By Tom Ballard
News Assistant
The recent release of the New Jersey results for the Partnership for Assessment of Readiness for College and Careers (PARCC) exam proved to be a failure for New Jersey students and teachers.
The PARCC is a controversial college and career readiness exam that was given to students for the first time earlier this year. The state now uses the exam in lieu of the New Jersey Assessment of Skills and Knowledge (NJ ASK) and High School Proficiency Assessment (HSPA) to test children from elementary school to high school on their ability to apply their knowledge to concepts instead of demonstrating their retention of knowledge, according to the New Jersey Department of Education.
Students performed poorly on the exam with only approximately 46 percent of students in grades three through 11 meeting the standard in English language arts and 34.5 percent meeting the standard in mathematics, according to nj.com.
To compare, New Jersey’s Department of Education reported that in last year’s NJ ASK assessment, 66 percent of the aggregated students in grades three through eight were proficient in English language arts literacy and 74 percent were proficient in mathematics. However, people supportive of the PARCC have used the poor results to demonstrate how essential the assessment is to the state.
“There is still much work to be done in ensuring all of our students are fully prepared for the 21st century demands of college and beyond,” David Hespe, the state’s education commissioner, said in an article on nj.com after the results were announced here in Ewing.
But one of the most interesting defenses of the exam came from former Governor Tom Kean. Kean wrote in an nj.com opinion that the PARCC is needed as a benchmark to give a more accurate answer on how close students are to what he calls the “honesty gap.” Kean said that the state used to inflate the college and career readiness test scores of their students in order to make the state’s education appear better than it was.
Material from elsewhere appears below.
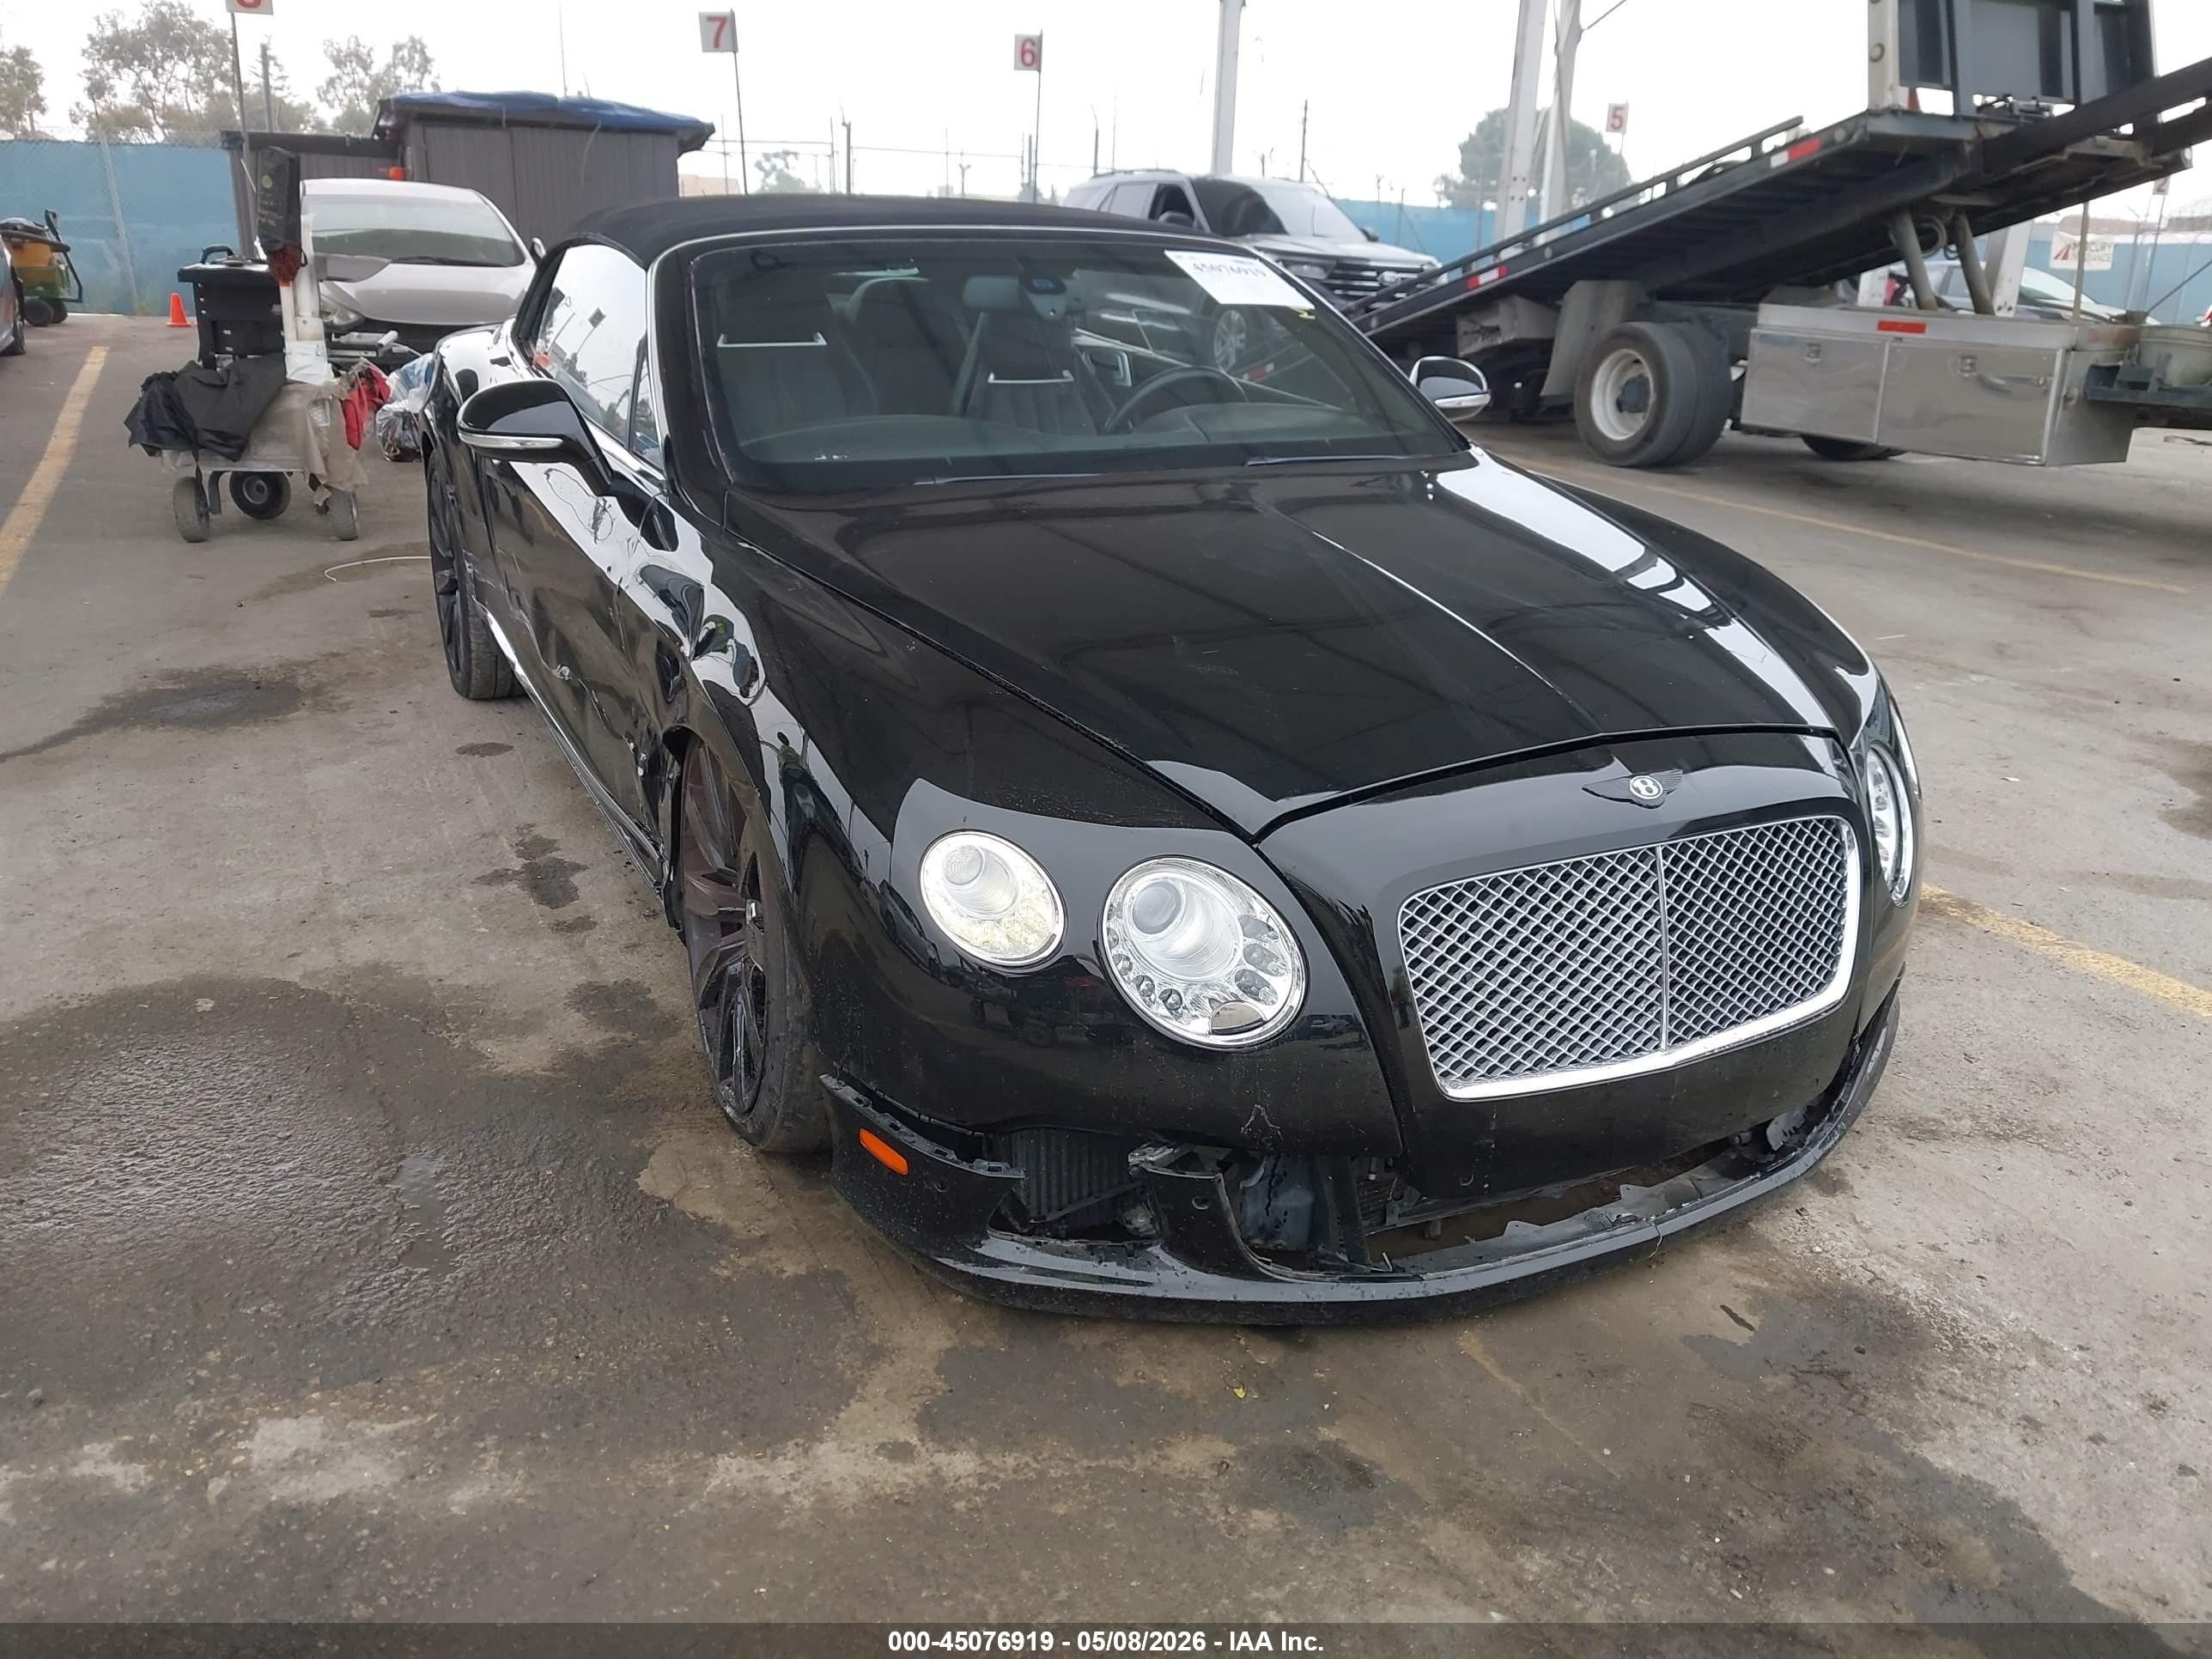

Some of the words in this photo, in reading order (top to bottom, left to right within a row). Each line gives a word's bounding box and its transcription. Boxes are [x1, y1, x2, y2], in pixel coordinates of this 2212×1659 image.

To this, I slightly agree with the governor. New Jersey is, thanks largely due to its already high standards and quality teachers, a high-performing state in education, and having an easy assessment in order to say that most students are proficient seems like a strong possibility.
Kean has been using the results of the National Assessment of Educational Progress (NAEP), another test to indicate students’ proficiency in various subjects, in order to show the disproportionate number of students who were scoring proficient on the NJ ASK but not on the NAEP. It is important to note that unlike the NJ ASK, which was taken by most of New Jersey third through eighth-graders, NAEP only targets approximately 7,500 students per-state — 2,500 in the fourth, eighth and 12th grade. Although the test is seen as a good estimate for student proficiency, it is an estimate nonetheless.
The state was dragged into the PARCC exam with many parents, teachers and students kicking and screaming against the exam published by British education-mega giant, Pearson. Now, after five years since New Jersey signed up to be a PARCC state, only nine of the original 23 PARCC states remain committed to the assessment, parcconline.org said. As other states try to improve their own assessment programs at the state level, New Jersey remains threaded into the educational Hindenburg that is the PARCC assessment.
I agree that New Jersey exams needed fixing, but the quasi-solution that is PARCC is not the right foundation. We need an assessment that allows us to focus on the needs of New Jersey students. One that is easier to integrate into teachers’ curriculums so they are able to spend more time teaching what they deem essential to students’ education rather than spend time teaching them how to take the exam.
But most of all, we must be wary of these numbers all together. Education has become more about the appearance of education instead of actual education. We as a state must remain focused on providing real education to students that inspires them to foster a love for learning instead of dragging that love down with hours of complex testing.
The sad fact is that American public education has become more of a Kevin Spacey-like political drama instead of focusing on the needs of students. According to the Washington Post, in 2013, U.S. Secretary of Education Arne Duncan was forced to apologize after he said it was “fascinating” that some opposition to Common Core standards, which the PARCC assessment is made to go hand-in-hand with, came from “white suburban soccer moms who — all of a sudden — their child isn’t as brilliant as they thought they were, and their school isn’t quite as good as they thought they were.”
What I find fascinating is how education, something that is meant to unify, is used by some to draw divisions between people. Simply having the courage to question what the educational system has to say can have a person marked as not caring for the children or just flat-out ignoramuses. Unless we stop giving exams like PARCC the attention that Pearson wants it to be given, and if we continue to rob teachers of the time they could be spending educating their students, the concept of providing American students a quality education, ever since the time of Horace Mann, would have all been done in vain.
Students share opinions around campus
“As for the PARCC (exam), I’ve heard it’s more difficult (than older exams). I’ve heard it’s hard and unfair.”
“I know it’s a ridiculous test... My neighbor’s a teacher and he hates (the exam). Teachers can’t teach what they want, they have to teach for the test.”